Blaze Page 12
Getting clear of Portland, and then Westbrook, seemed to take forever. It was a little bit like driving with an open jug of wine between your legs, only worse. He was sure that every car that pulled up close behind him was an unmarked police car. He actually saw only one copmobile on his trip out of the city, crossing the intersection of Routes 1 and 25, breaking trail for an ambulance with its siren howling and its lights flashing. Seeing that actually comforted him. A police car like that, you knew what it was.
After Westbrook dropped behind, he swung off onto a secondary road, then onto two-lane blacktop that turned to frozen dirt and wound cross-country through the woods to Apex. He did not feel entirely safe even there, and when he turned into the long driveway leading to the shack, he felt as if great weights were dropping off his body.
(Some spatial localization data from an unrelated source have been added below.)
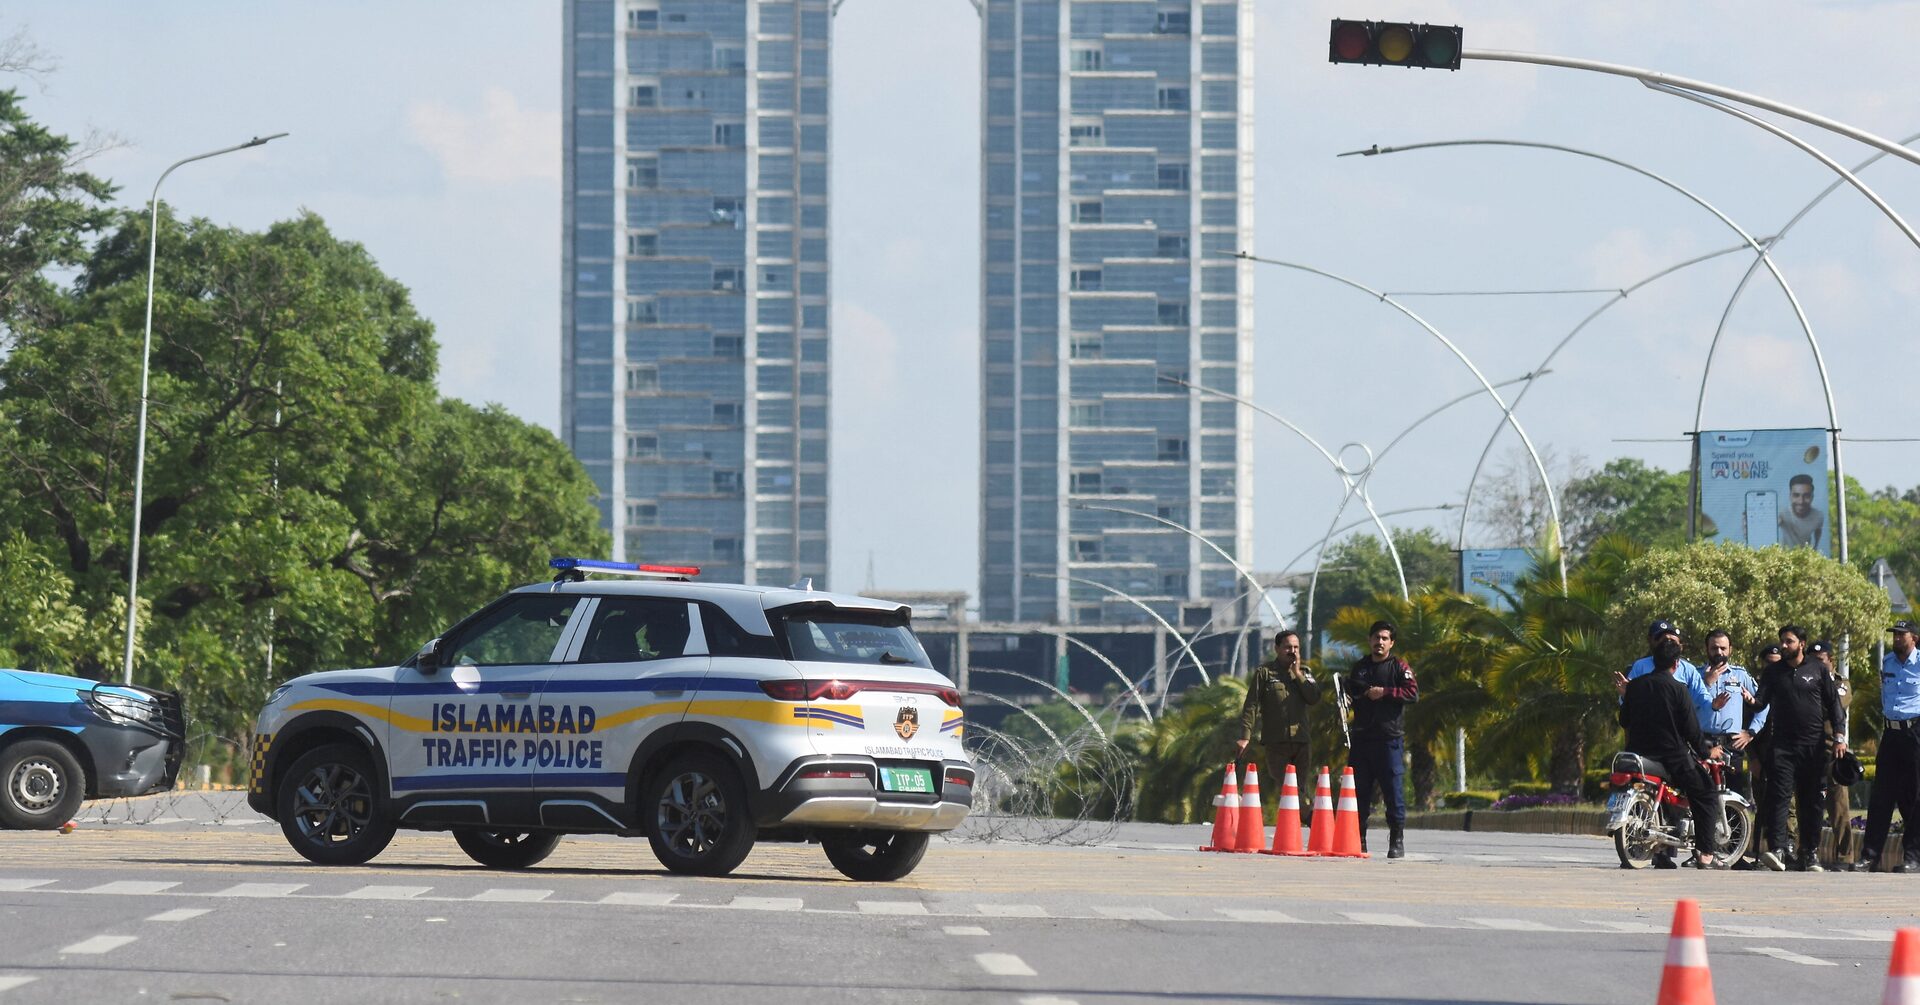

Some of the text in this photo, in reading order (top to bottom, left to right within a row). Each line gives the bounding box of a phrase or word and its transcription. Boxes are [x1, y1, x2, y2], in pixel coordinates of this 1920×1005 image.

[1711, 451, 1736, 460] Spend
[1733, 470, 1768, 479] COINS
[432, 703, 596, 734] ISLAMABAD
[422, 738, 603, 769] TRAFFIC POLICE
[864, 745, 903, 755] ISLAMABAD
[903, 747, 927, 757] TRAFFIC
He drove the Ford into the shed and told himself it could stay there until hell was a skating rink. He had known that kidnapping was big, and that things would be hot, but this was scorching. The picture, the blood he’d left behind, the quick and painless way that glorified doorman had given up the organization’s private playpen
But all those thoughts faded as soon as he got out of the car. Joe was screaming. Blaze could hear him even outside. He ran across the dooryard and burst into the house. George had done something, George had –
But George hadn’t done anything. George wasn’t anywhere around. George was dead and he, Blaze, had left the baby all alone.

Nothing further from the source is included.